What he doesn’t know is that Marion intends their divorce to be more than a legal fiction. As Art has struggled with their finances, Marion has found a life of her own. She’s impatient with his neediness, practices maneuvers to deflect his affections, and withholds an enormous secret from him. That’s not to say Art is a saint—he can be indecisive, a poor planner (who doesn’t think a Valentine’s Day weekend in Niagara Falls would be crowded?), blind to her tastes, and overly optimistic about the risky venture they’re on.
For all the lows that are finally weighing their marriage down, there are some bright points, especially centered on their children as they begin to make lives of their own.
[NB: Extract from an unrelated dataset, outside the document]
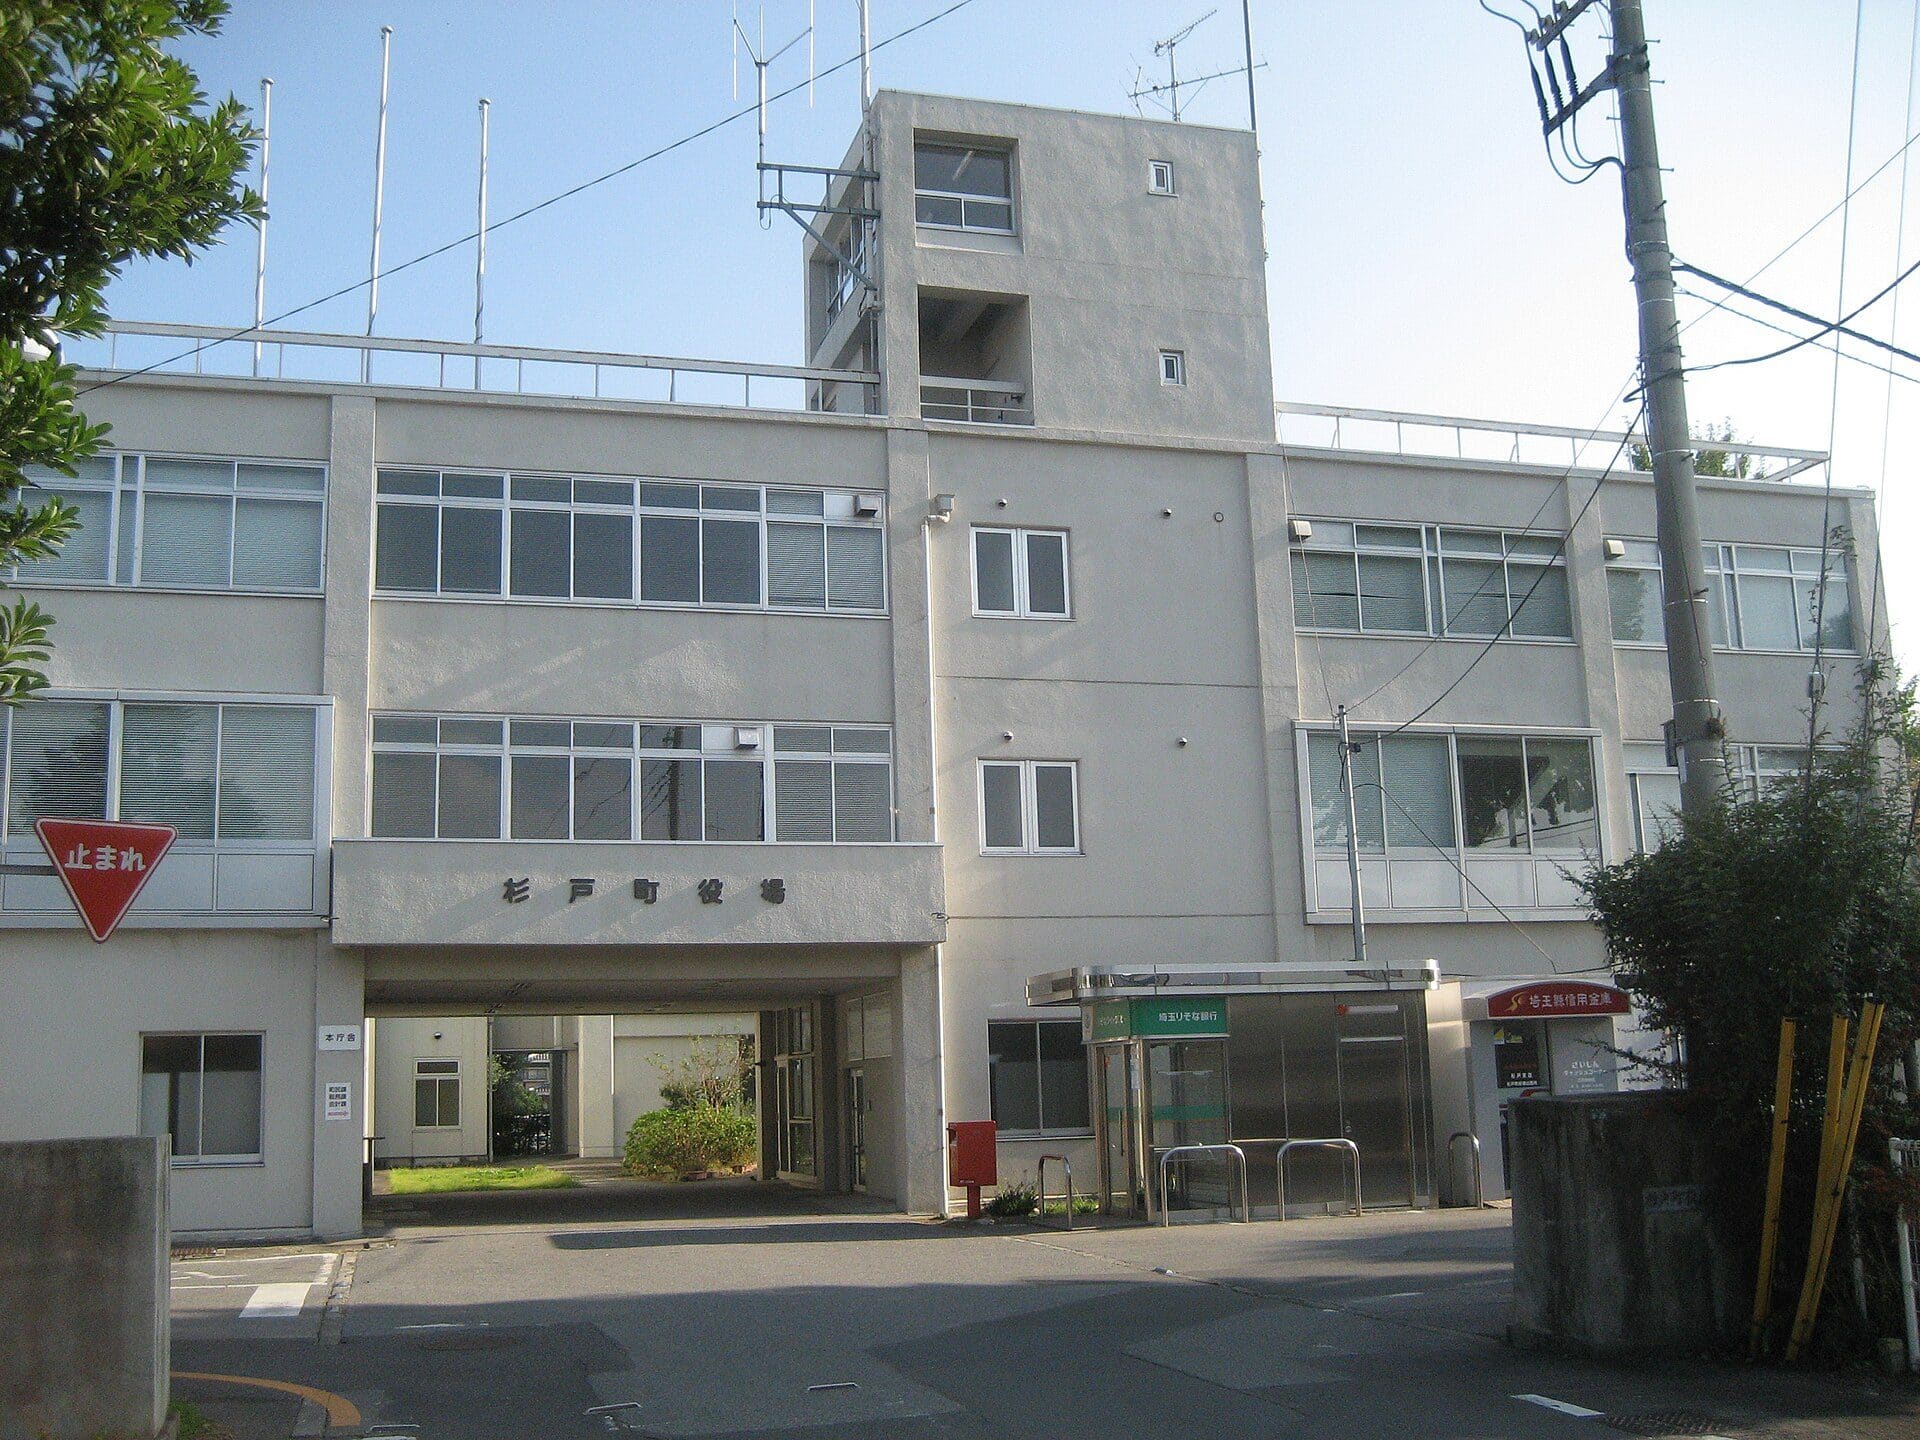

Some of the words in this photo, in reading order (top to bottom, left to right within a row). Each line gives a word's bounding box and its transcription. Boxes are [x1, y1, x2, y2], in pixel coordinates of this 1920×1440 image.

[64, 843, 146, 872] 止まれ
[503, 877, 786, 904] 杉戸町役場
[1158, 1011, 1218, 1022] 埼玉りそな銀行
[325, 1032, 356, 1042] 本庁舎
There are moments of intimacy springing from thirty years of living together, familiar rhythms and mutual memories that knit them together and that will never fray. Those moments, small as they sometimes are, lend the story a sweetness that offsets the soured relationship and the desperation of their finances. Like the Ripley’s 3-D movie Art and Marion see, O’Nan puts his readers in a barrel, has them pass jagged rocks and beautiful scenery on their inexorable way to the fall—but he ends the story just as the barrel launches into the mist, leaving us to create our own landing.
(And, ahem, Pulitzer people: you may not be able to make a decision, but I hope dismissing O’Nan’s polished works as novellas isn’t in your catalogue of other sins.)